- _DATA EXTRACT_
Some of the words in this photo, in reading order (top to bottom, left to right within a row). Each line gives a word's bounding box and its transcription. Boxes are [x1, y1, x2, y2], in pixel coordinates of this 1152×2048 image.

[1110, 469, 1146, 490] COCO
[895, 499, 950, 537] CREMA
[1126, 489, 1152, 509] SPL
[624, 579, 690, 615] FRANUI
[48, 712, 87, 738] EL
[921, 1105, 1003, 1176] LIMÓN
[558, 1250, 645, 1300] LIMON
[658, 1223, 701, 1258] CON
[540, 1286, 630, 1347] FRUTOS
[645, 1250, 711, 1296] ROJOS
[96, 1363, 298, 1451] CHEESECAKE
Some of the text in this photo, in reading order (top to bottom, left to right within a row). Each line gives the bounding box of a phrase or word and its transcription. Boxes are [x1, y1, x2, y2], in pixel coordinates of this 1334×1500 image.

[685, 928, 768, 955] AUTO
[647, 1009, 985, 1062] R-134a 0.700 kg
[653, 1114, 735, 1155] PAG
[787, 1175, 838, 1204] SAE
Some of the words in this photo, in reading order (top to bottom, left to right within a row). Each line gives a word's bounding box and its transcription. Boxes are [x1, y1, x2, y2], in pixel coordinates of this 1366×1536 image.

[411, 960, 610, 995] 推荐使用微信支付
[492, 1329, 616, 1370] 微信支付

- _ASSIGNED TASK_
Print the whole listing above exactly, please.

- _ANSWER TO THE PROBLEM_
Some of the words in this photo, in reading order (top to bottom, left to right within a row). Each line gives a word's bounding box and its transcription. Boxes are [x1, y1, x2, y2], in pixel coordinates of this 1152×2048 image.

[1110, 469, 1146, 490] COCO
[895, 499, 950, 537] CREMA
[1126, 489, 1152, 509] SPL
[624, 579, 690, 615] FRANUI
[48, 712, 87, 738] EL
[921, 1105, 1003, 1176] LIMÓN
[558, 1250, 645, 1300] LIMON
[658, 1223, 701, 1258] CON
[540, 1286, 630, 1347] FRUTOS
[645, 1250, 711, 1296] ROJOS
[96, 1363, 298, 1451] CHEESECAKE
Some of the text in this photo, in reading order (top to bottom, left to right within a row). Each line gives the bounding box of a phrase or word and its transcription. Boxes are [x1, y1, x2, y2], in pixel coordinates of this 1334×1500 image.

[685, 928, 768, 955] AUTO
[647, 1009, 985, 1062] R-134a 0.700 kg
[653, 1114, 735, 1155] PAG
[787, 1175, 838, 1204] SAE
Some of the words in this photo, in reading order (top to bottom, left to right within a row). Each line gives a word's bounding box and its transcription. Boxes are [x1, y1, x2, y2], in pixel coordinates of this 1366×1536 image.

[411, 960, 610, 995] 推荐使用微信支付
[492, 1329, 616, 1370] 微信支付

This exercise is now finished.